* **What you need to do**: Print the data once more, exactly as given. Drop the pictures.

Stored data entries:

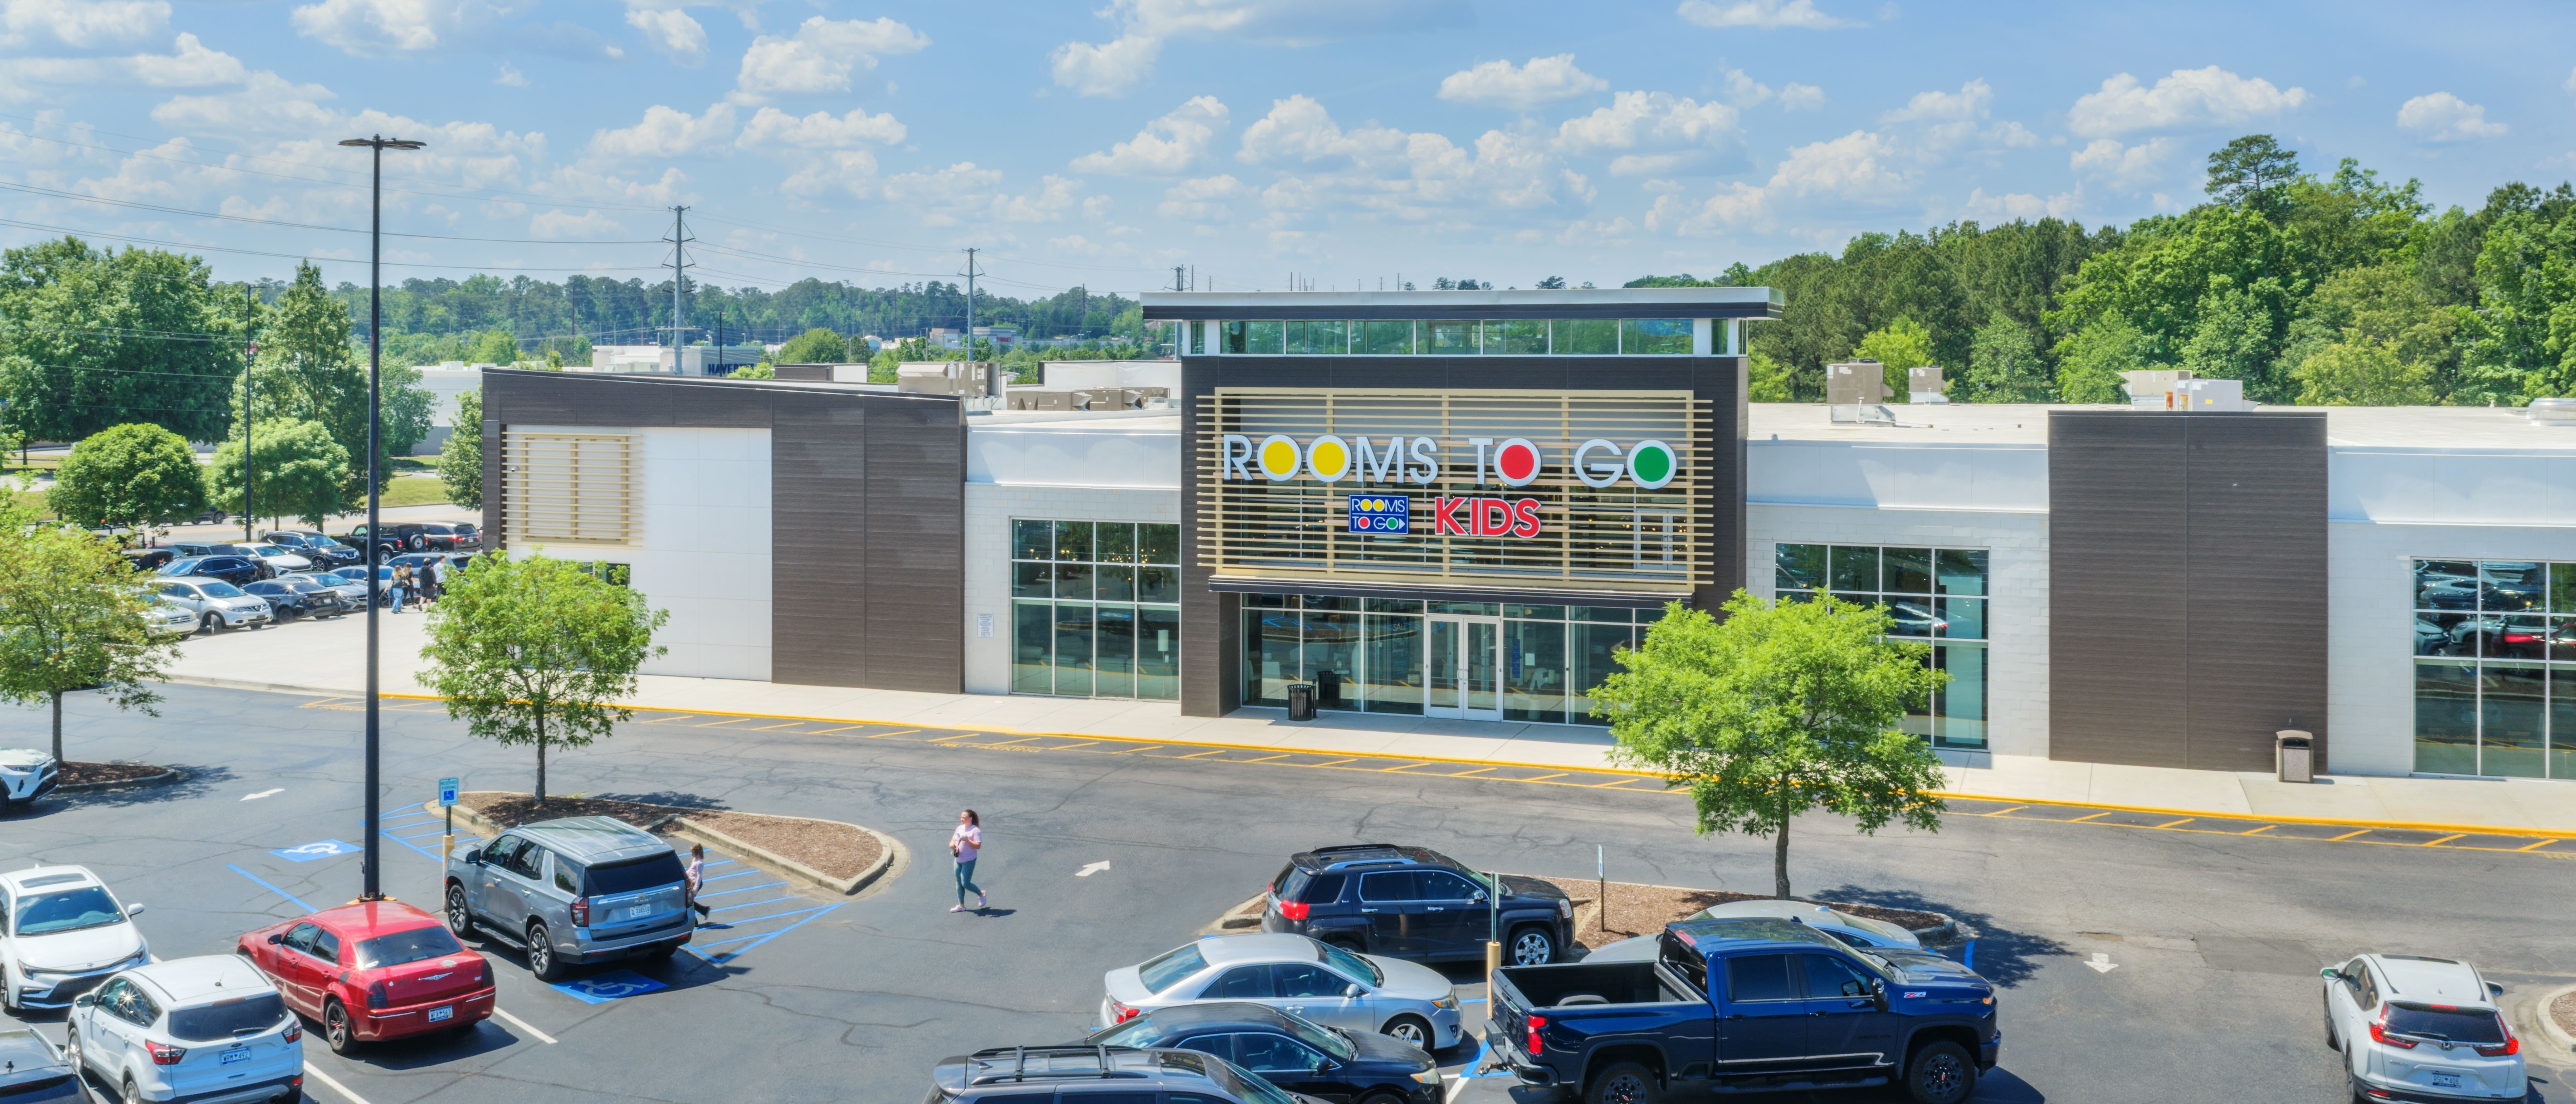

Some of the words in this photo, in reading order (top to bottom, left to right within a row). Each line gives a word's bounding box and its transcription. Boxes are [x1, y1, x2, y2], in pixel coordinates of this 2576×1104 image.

[1224, 434, 1438, 484] ROOMS
[1469, 438, 1542, 487] TO
[1574, 439, 1677, 489] GO
[1352, 499, 1405, 512] ROOMS
[1352, 516, 1370, 529] TO
[1374, 517, 1399, 530] GO
[1435, 497, 1541, 538] KIDS
[1393, 622, 1407, 631] SALE
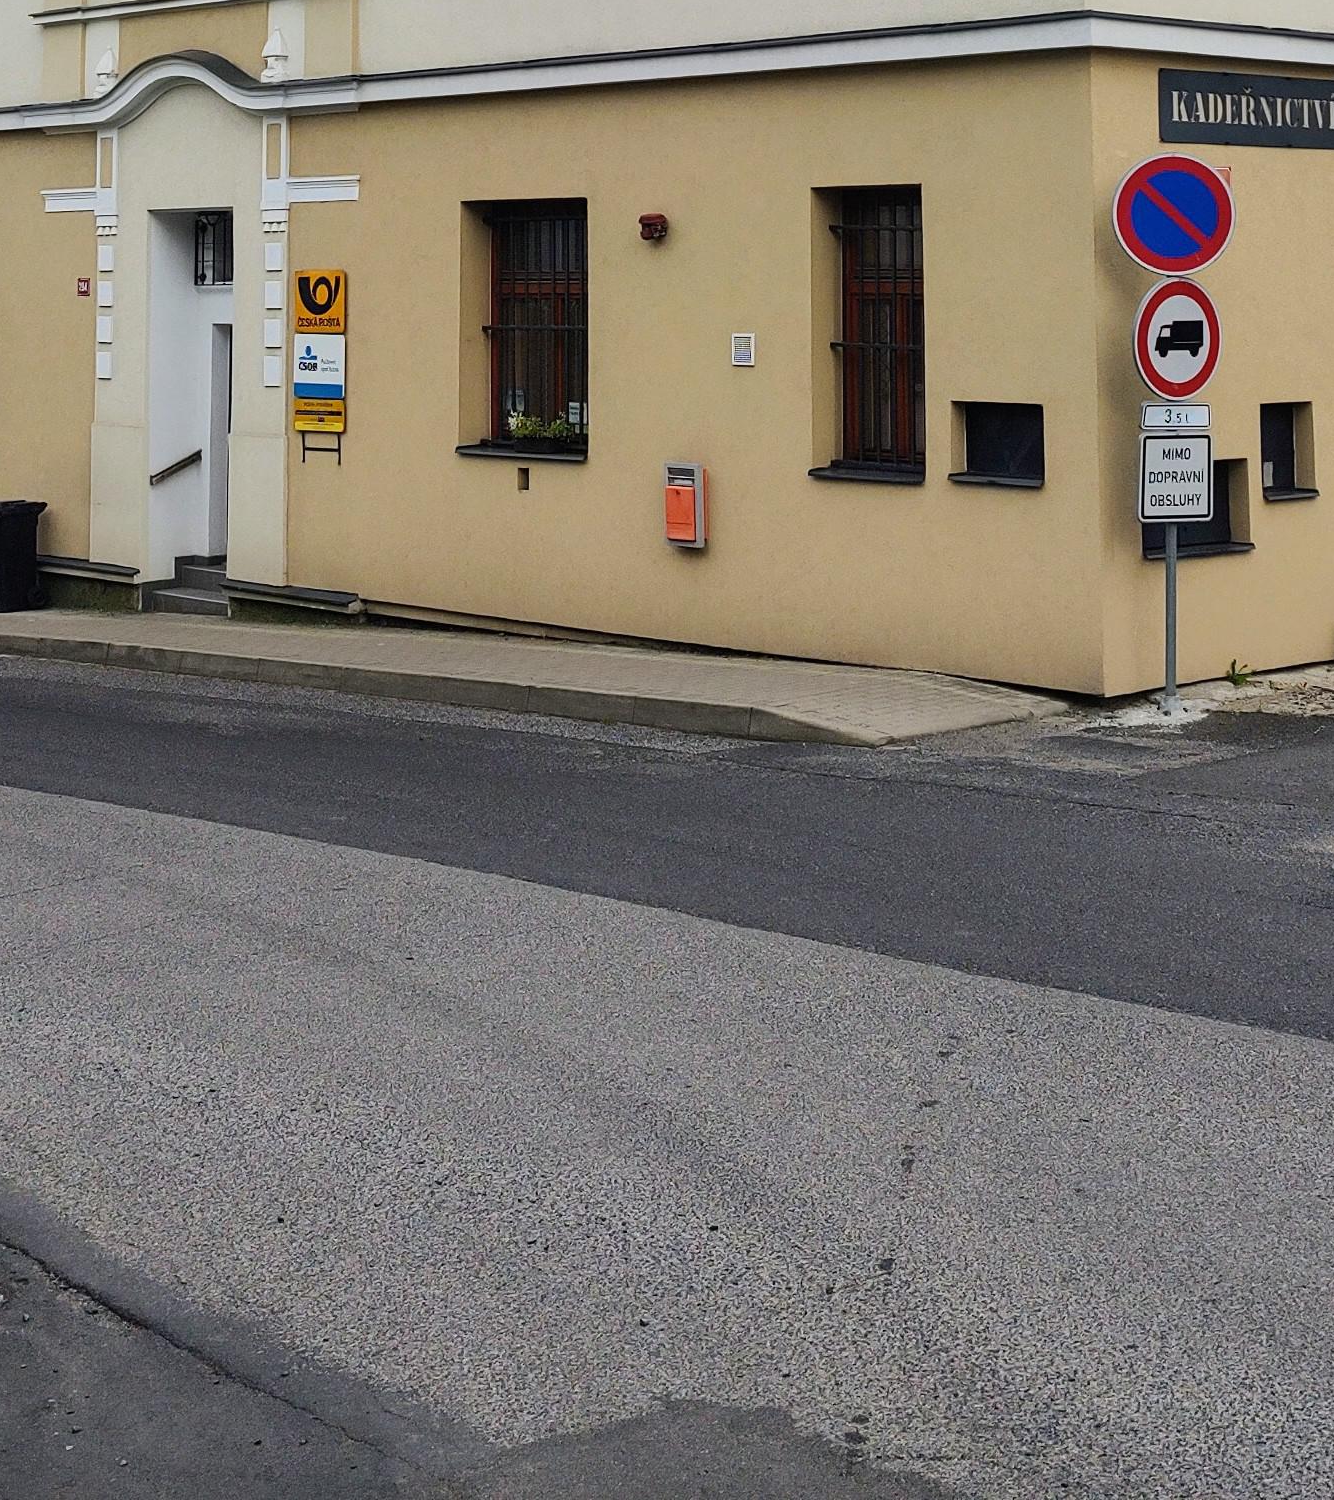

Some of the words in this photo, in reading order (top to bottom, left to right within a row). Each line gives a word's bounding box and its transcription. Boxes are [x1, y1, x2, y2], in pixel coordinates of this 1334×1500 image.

[1162, 447, 1191, 461] MIMO
[1148, 468, 1204, 484] DOPRAVNÍ
[1150, 494, 1202, 507] OBSLUHY

* **Output for this task**:
Some of the words in this photo, in reading order (top to bottom, left to right within a row). Each line gives a word's bounding box and its transcription. Boxes are [x1, y1, x2, y2], in pixel coordinates of this 2576×1104 image.

[1224, 434, 1438, 484] ROOMS
[1469, 438, 1542, 487] TO
[1574, 439, 1677, 489] GO
[1352, 499, 1405, 512] ROOMS
[1352, 516, 1370, 529] TO
[1374, 517, 1399, 530] GO
[1435, 497, 1541, 538] KIDS
[1393, 622, 1407, 631] SALE

Some of the words in this photo, in reading order (top to bottom, left to right within a row). Each line gives a word's bounding box and its transcription. Boxes are [x1, y1, x2, y2], in pixel coordinates of this 1334×1500 image.

[1162, 447, 1191, 461] MIMO
[1148, 468, 1204, 484] DOPRAVNÍ
[1150, 494, 1202, 507] OBSLUHY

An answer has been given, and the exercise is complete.